17β-雌二醇对人的类成骨细胞株TE85和U2功能的调节

目的：以人的类成骨细胞株TE85和U2为细胞模型，观察雌激素对细胞功能的影响。方法：³H-胸腺嘧啶参入法测细胞增殖；ELISA法测细胞因子IL-6含量；精氨酸转化法测iNOS活性。结果：IL-1(20 U.mL^-1)和TNFα(50 U.mL^-1)刺激细胞分泌IL-6，并抑制细胞增殖。在TE85细胞，17β-雌二醇(E₂)可抑制IL-6分泌并能对抗IL-1和TNFα对细胞增殖的影响。NOS抑制剂L-NMMA使细胞³H-胸腺嘧啶的参入降低，E₂(1 nmol.L^-1)可对抗L-NMMA的抑制作用。结论：E₂通过减少IL-6分泌和影响iNOS活性而调节细胞功能。
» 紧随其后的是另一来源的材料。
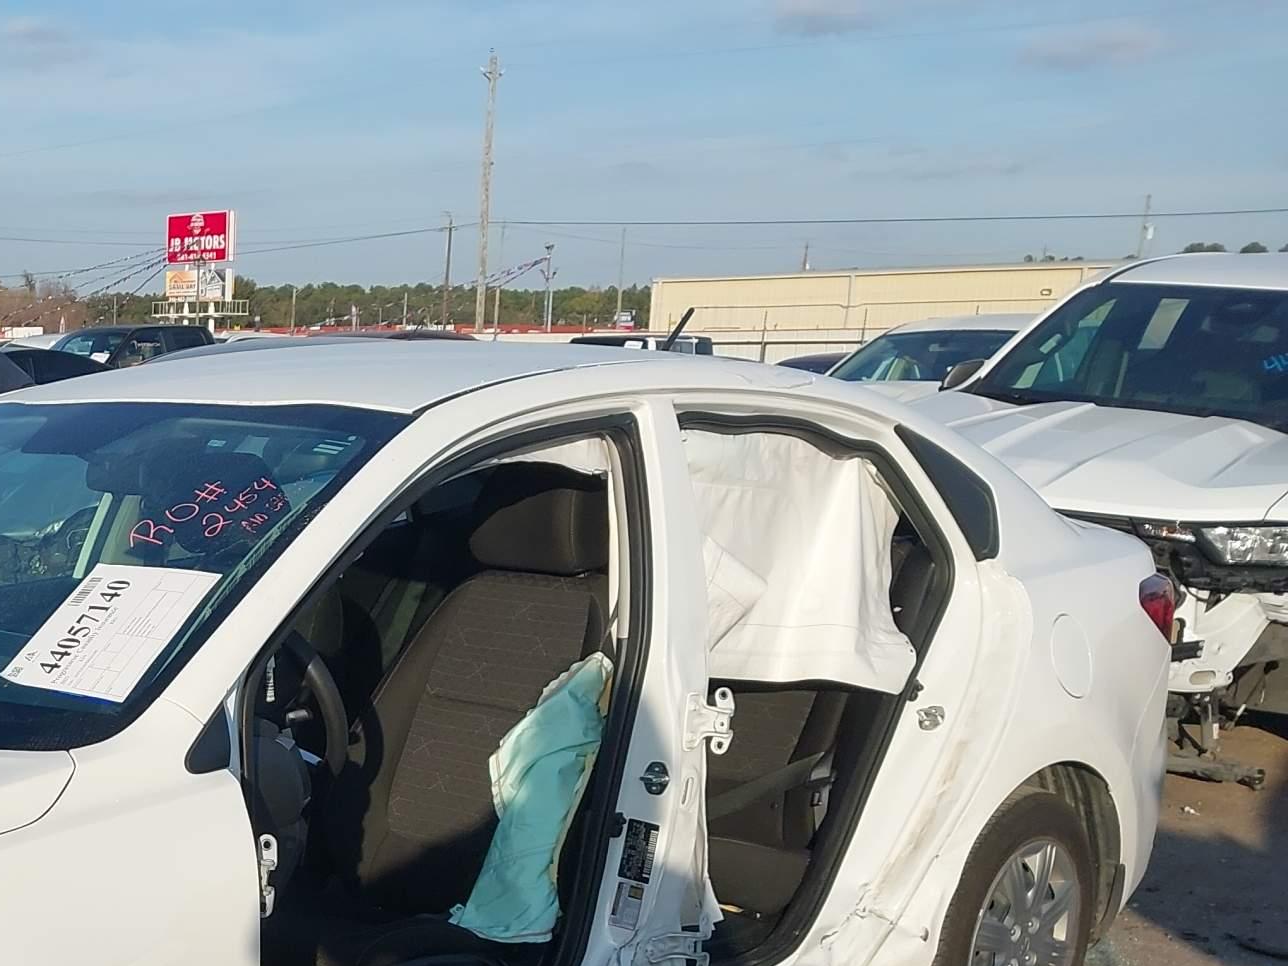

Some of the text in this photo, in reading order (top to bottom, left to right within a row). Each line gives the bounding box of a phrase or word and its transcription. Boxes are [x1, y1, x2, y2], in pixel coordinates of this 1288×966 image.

REGULATION OF 17β-ESTRADIOL IN HUMAN OSTEOBLAST-LIKE CELL LINES TE85 AND U2

AIM: Using two kinds of osteoblast-like cell lines TE85 and U2 as cell models, the molecular mechanism of 17β-estradiol (E₂) in regulating cell function was studied. METHODS: Using methods of ³H-thymidine incorporation for cell proliferation, ELISA for IL-6 content measurement and transferring L-³H-arginine to L-³H-citruline for iNOS activity. RESULTS: In two cell lines，interleukin-1(IL-1, 20 U*mL-1) and tumor necrosis factor (TNFα 50 U.mL^-1) stimulated osteoblast to secret IL-6 after treatment for 48 h. At the same concentration, IL-1 and TNFα reduced the intracellular protein content resulting from cell proliferation inhibition. In TE85 cells, E₂ reduced the IL-6 secretion and inhibited the influence of IL-1 and TNFα on the cell proliferation. After L-NMMA, an inhibitor of NOS, was added, the ³H-TdR uptake decreased in a dose-dependent fashion in TE85 and U2 cells. When the cells were treated with E₂ and L-NMMA concomitantly, the inhibiting effects of the latter were diminished and the percentage of ³H-TdR uptake reached normal levels. Besides that, IL-1 and TNFα increased intracellular iNOS activity significantly, which was higher than that of E₂. CONCLUSION: E₂ regulated cell function by way of reducing IL-6 secretion and improving iNOS activity.